Se doutait il qu’en énonçant sa vérité, il risquait aussitôt de se voir opposer les tenants du vide en peinture, pour lesquels une toile qui reste blanche n’est pas mutisme mais expression ? Malevitch en 1919 avait conclu que le blanc constituait « la véritable représentation de l’infini » et montrait à la Xe Exposition d’Etat des tableaux « Blanc sur blanc ». L’invention par Yves Klein en 1947 du monochrome débouchait en 1957 sur les grandes surfaces désertiques mais non blanches de l’I.K.B. Enfin, les toiles de Robert Ryman de 1965¬-1970 jetaient les bases d’un art minimal où l’infini était moins en question que le non fini.

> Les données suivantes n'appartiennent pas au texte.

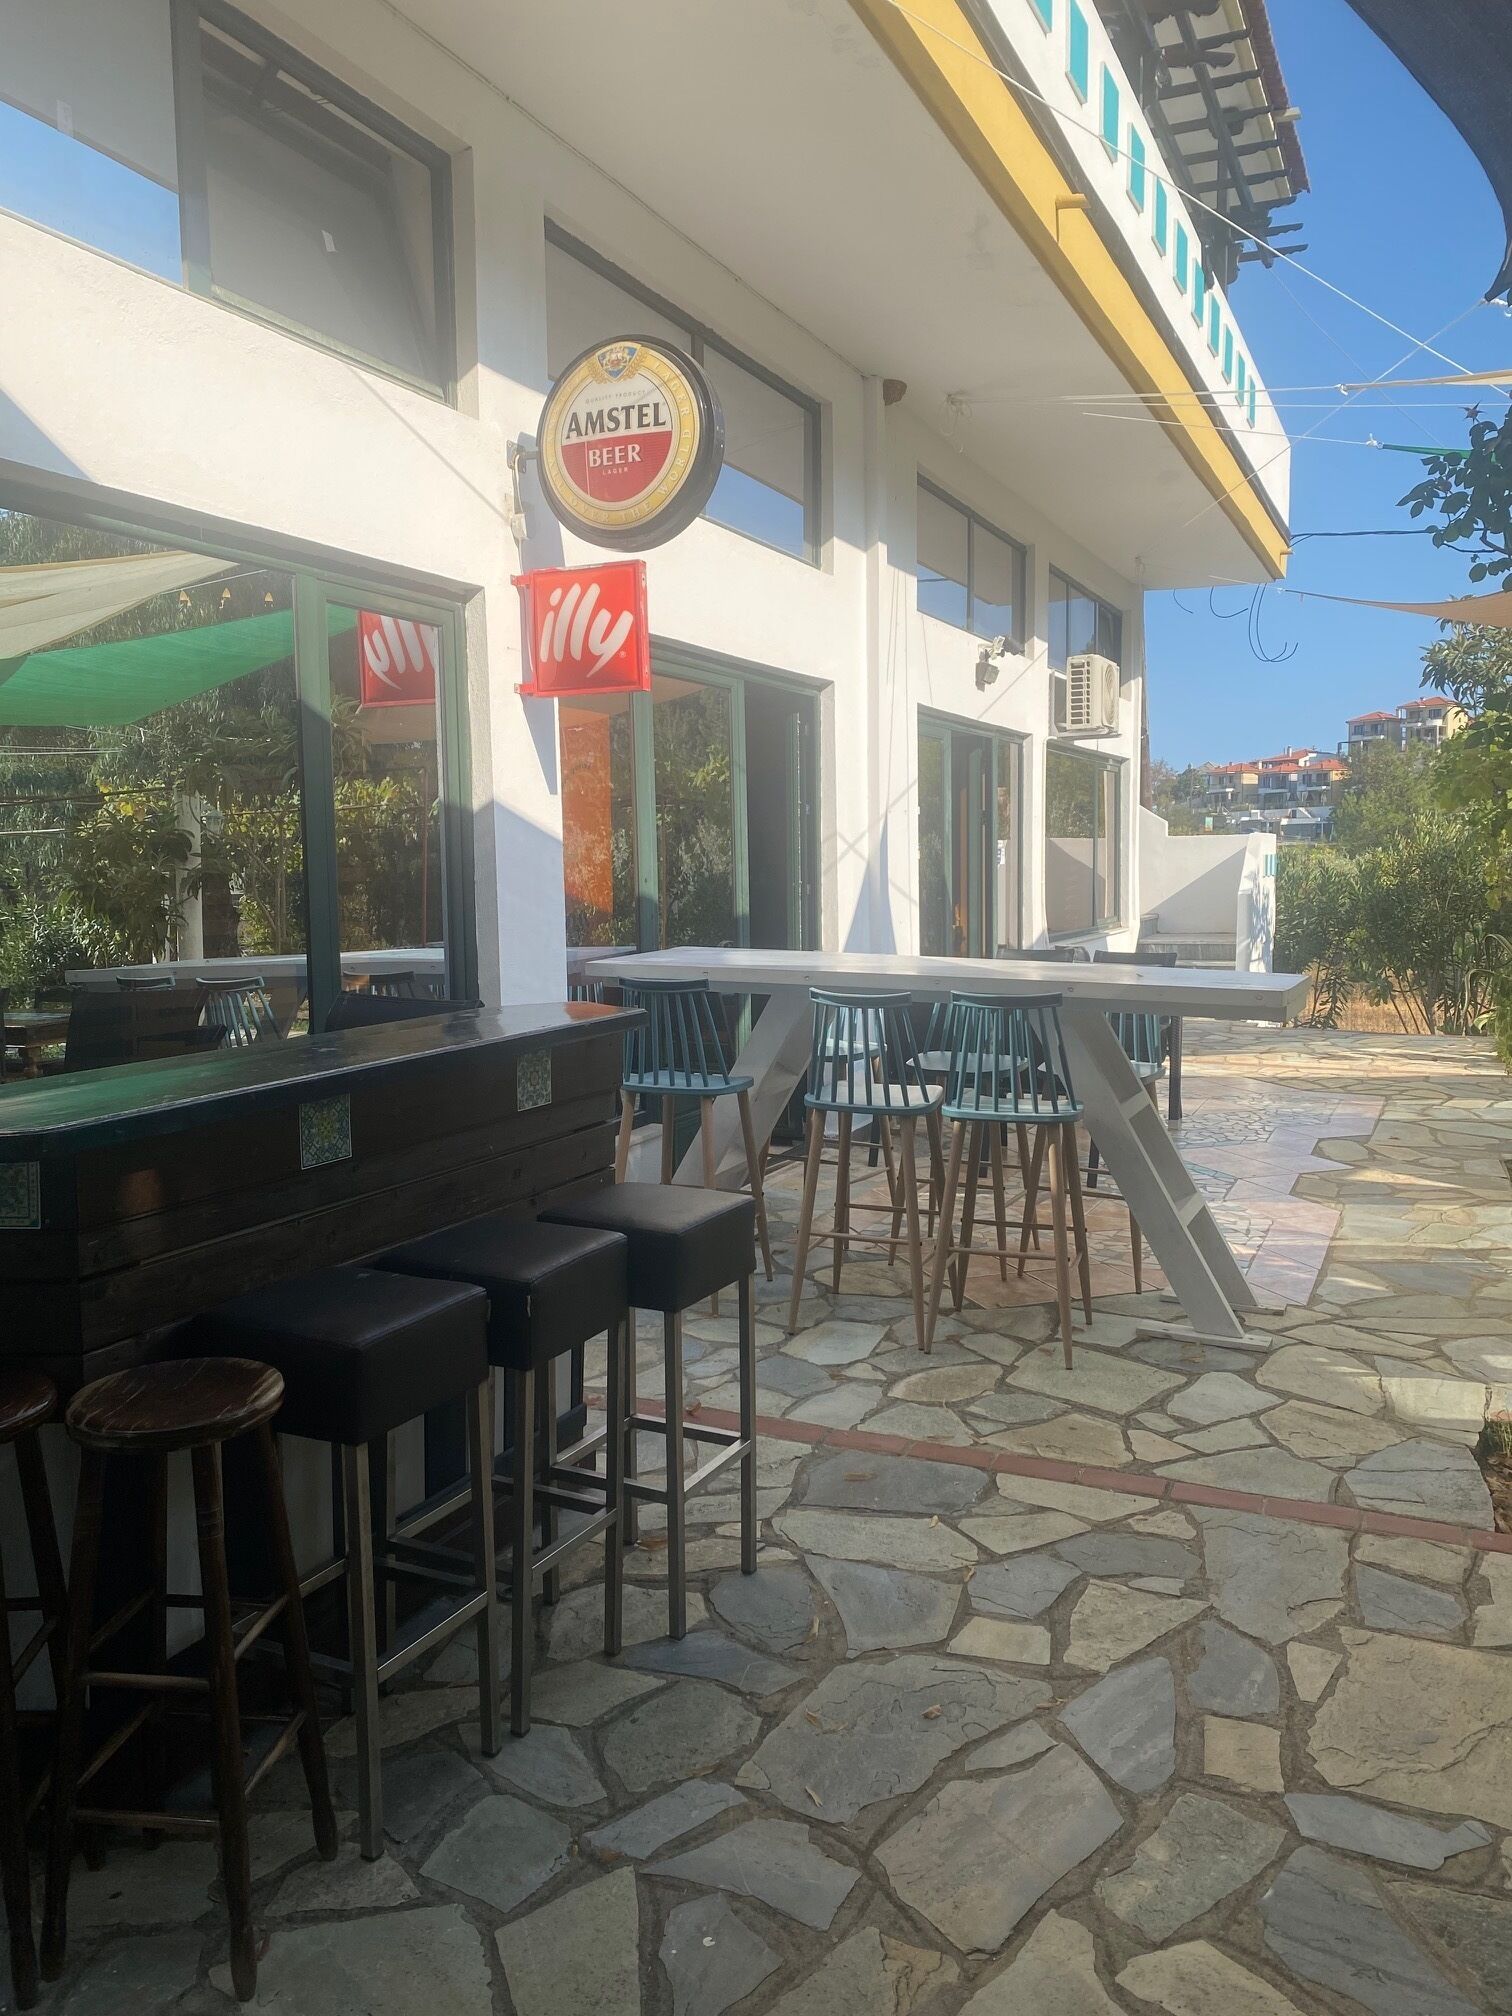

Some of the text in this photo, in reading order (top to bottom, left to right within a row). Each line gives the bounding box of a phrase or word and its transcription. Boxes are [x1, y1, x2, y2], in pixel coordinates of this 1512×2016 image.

[585, 389, 646, 404] QUALITY PRODUCT
[565, 402, 666, 439] AMSTEL
[588, 444, 641, 467] BEER
[602, 467, 628, 475] LAGER
[619, 500, 652, 521] THE
[660, 431, 692, 495] WORLD
[540, 582, 634, 678] illy

Suprématisme russe ou minimalisme américain n’étaient décidément pas de nature à satisfaire le brûlant désir de peindre de Claude Morini. En revanche, les recherches d’un Yves Klein avaient largement alerté des artistes installés sur la Côte d’Azur, singulièrement Arman avec lequel il entretenait une correspondance et une amitié, et dont il fera un portrait en buste (Mamac, Nice). De ce qui deviendra l’Ecole de Nice dans les années soixante c’est à dire lorsque Morini commence à peindre et qu’il est fixé définitivement dans cette région il se défie et n’y revendique aucune place.

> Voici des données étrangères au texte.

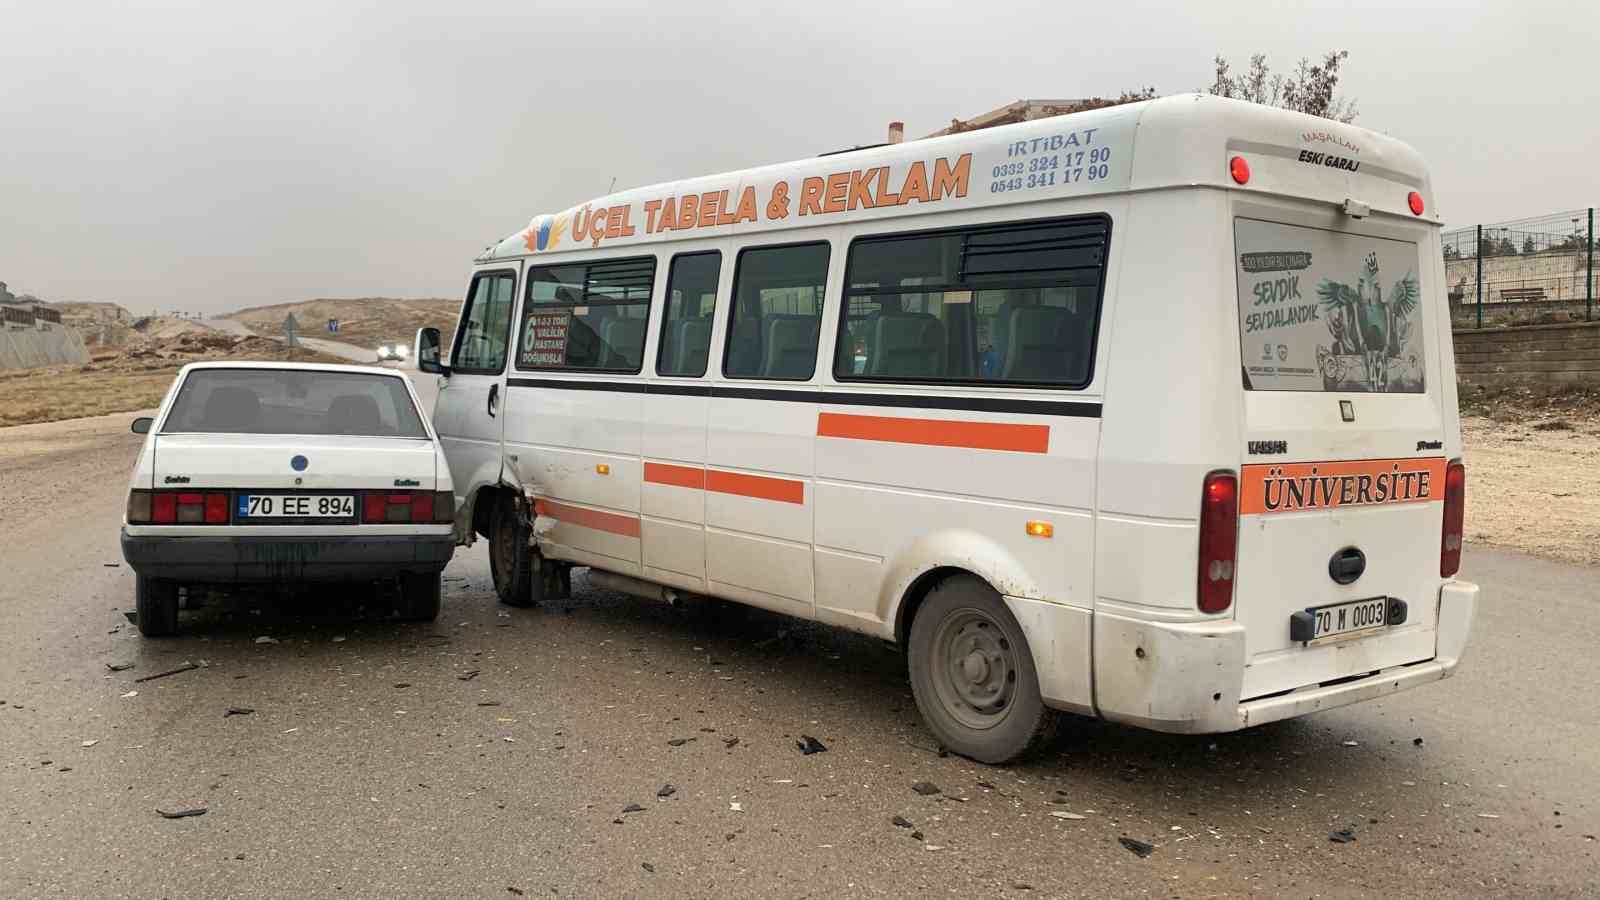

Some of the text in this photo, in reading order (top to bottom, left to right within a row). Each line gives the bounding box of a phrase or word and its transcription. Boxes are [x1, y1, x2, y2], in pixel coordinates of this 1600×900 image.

[992, 147, 1110, 178] 0332 324 17 90
[1325, 155, 1361, 172] GARAJ
[991, 164, 1109, 193] 0543 341 17 90
[572, 153, 973, 249] ÜÇEL TABELA & REKLAM
[1253, 271, 1302, 306] SEVDİK
[524, 316, 536, 352] 6
[1246, 304, 1320, 333] SEVDALANDIK
[1264, 463, 1430, 510] ÜNİVERSİTE
[249, 497, 352, 515] 70 EE 894
[1315, 603, 1383, 635] 70 M 0003

Les démarches sont en effet différentes : celles d’Alocco, Arman, Ben, Malaval ou Raysse se nourrissent de toute nouveauté et d’une dose non négligeable de dérision : la conférence d’Arman donnée en 1956 au Club des Jeunes, où « tout était faux, tout était bidon. J’ai parlé des rapports ethnologiques dans l’histoire du jazz. J’inventais tout et les gens prenaient des notes », la boutique de Ben où, disait il, « j’avais pour principe très simple d’exposer tout ce qui me choquait, tout ce qui me paraissait contenir de la nouveauté » étaient des exemples à ne pas suivre, parce qu’ils étaient des lieux étrangers à celui qui, depuis Giotto, semblait à Claude Morini le lieu majeur de l’activité spirituelle : la surface peinte.

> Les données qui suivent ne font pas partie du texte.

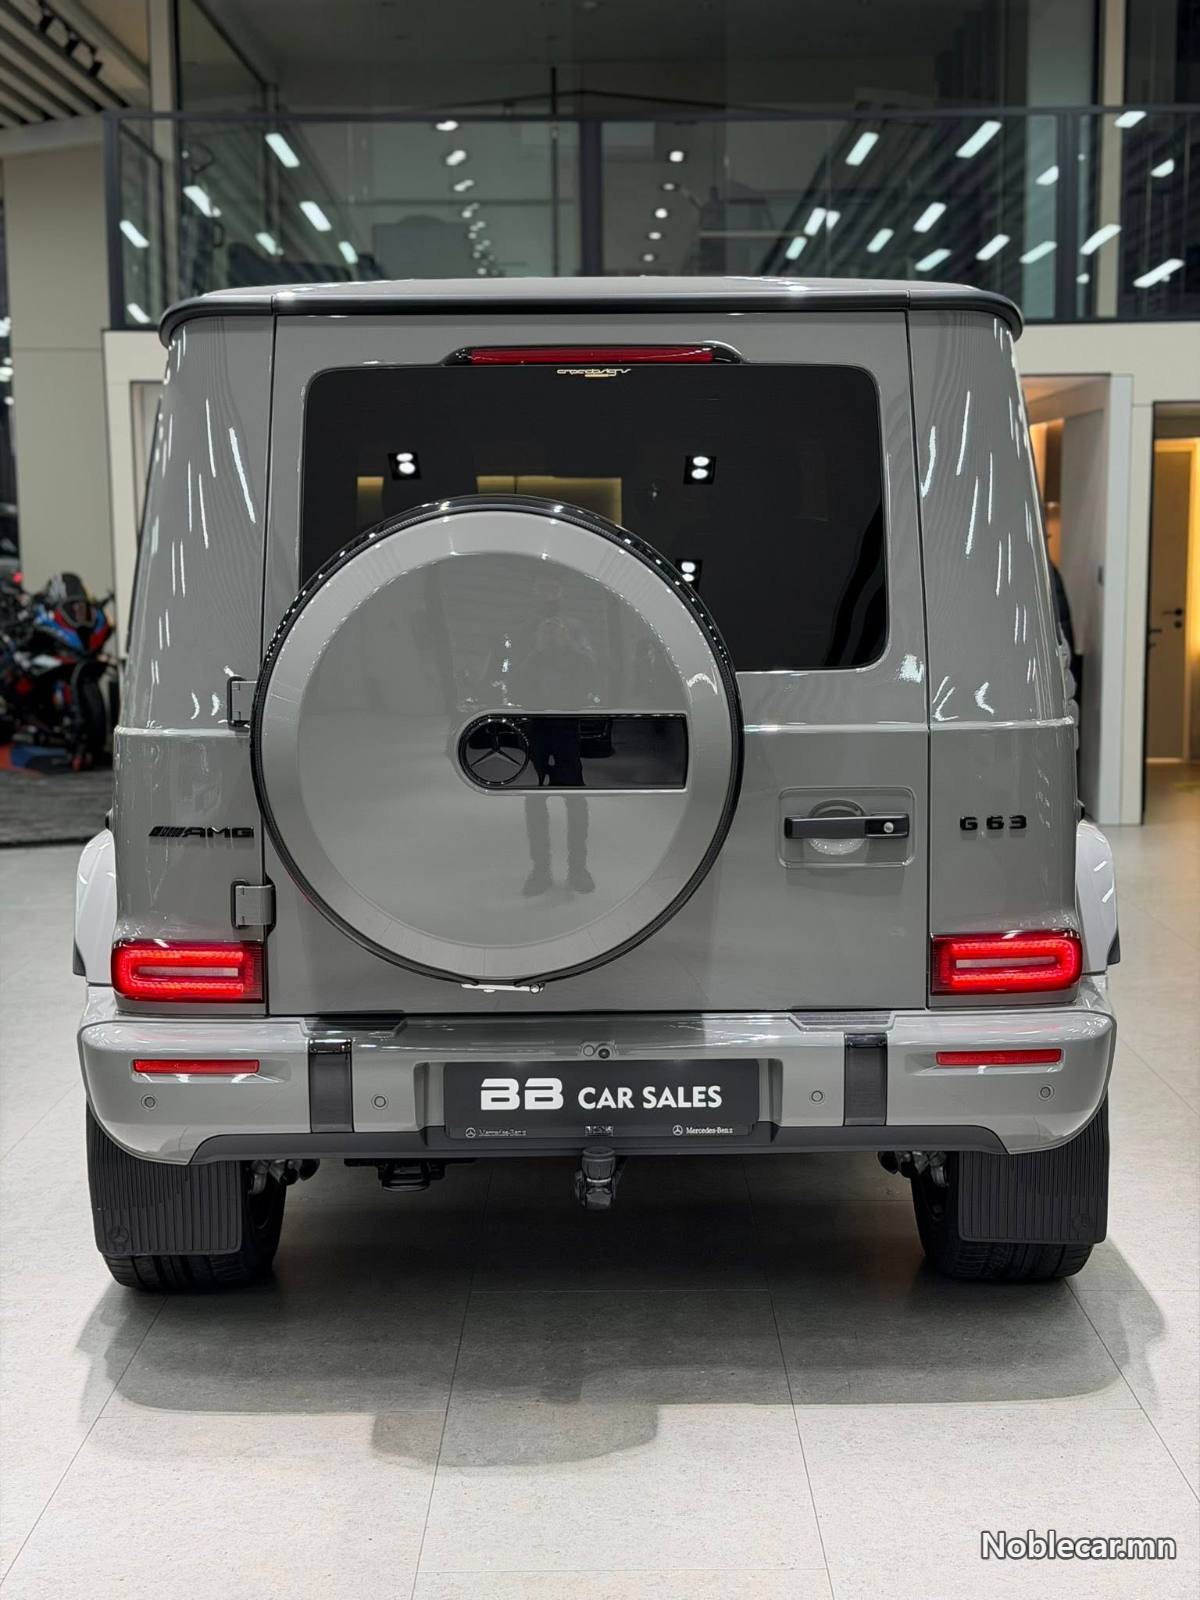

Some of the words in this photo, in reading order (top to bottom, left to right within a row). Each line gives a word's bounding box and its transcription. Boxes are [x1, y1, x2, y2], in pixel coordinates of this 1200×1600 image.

Curieusement, cette Ecole de Nice comptera aussi un créateur pour lequel la même surface peinte est objet de réflexion : Claude Viallat.
Mais c’est au sens propre de support et de surface qu’il raisonne. En 1966, il détache la toile du châssis et pose sur ses premières bâches la forme de la palette, qu’il emploiera systématiquement par la suite. Ce concept de la peinture résumée à ses composants physiques, ce sujet puisé dans le faire même de la peinture paraissent à Morini probablement réducteurs. Toutes les entreprises des artistes de ce cercle, celles des Alocco, Malaval, Noël Dolla et bien d’autres, le laissent froid : elles le renvoient toujours plus à lui même et tout en lui interdisant les attentions des chantres de l’avant garde, le confortent dans une sourde volonté d’avoir raison.
Cela ne veut pas dire que l’environnement artistique et pictural de la Côte d’Azur ne l’influence pas. En 1973 ouvre à Nice le Musée national consacré au Message Biblique de Marc Chagall. Cette peinture, qui colle au récit sacré et fuit cependant toute récupération confessionnelle, correspond puissamment à ses propres aspirations. Le conte, la fable trouvent là une forme somptueuse et une exposition sans honte. Le hasard voulut que je fusse le conservateur de ce musée. Chagall nous rapprocha donc.
Loin de l’Ecole de Nice qui se reconnut plus ou moins dans le geste sardonique d’un artiste de son cercle lorsqu’il saisit l’occasion de la pose de la première pierre du Message Biblique pour asperger le Ministre de la Culture d’un jet de peinture protestataire Claude Morini vécut donc les années soixante dix dans une relative clandestinité. Un destin ironique et cruel voulut que se produisit dans la décennie suivante un retour à la peinture, un art fait d’un châssis, d’une toile, de couleurs et d’un récit, mais qui ne lui profita pas : Lanneau, Saytour ou Castellas, pour ne parler ni de Baselitz et de Chia, ni de Blais ou de Garouste, firent l’objet d’études savantes pour nous prouver que le Bad painting, la Transavanguardia ou la Nouvelle Figuration n’étaient que les véhicules de nouveaux concepts, destinés à troubler les âmes naïves et probablement nostalgiques. Claude Morini n’était en tous cas pas l’un d’eux, et Michel Joyard, avec lequel il fit toutes ses gravures, se souvient que dans leurs conversations s’introduisaient des « avant gardes en peau de lapin qui parvenaient à entrer par surprise, repartaient bien vite, confondues, percées à jour ».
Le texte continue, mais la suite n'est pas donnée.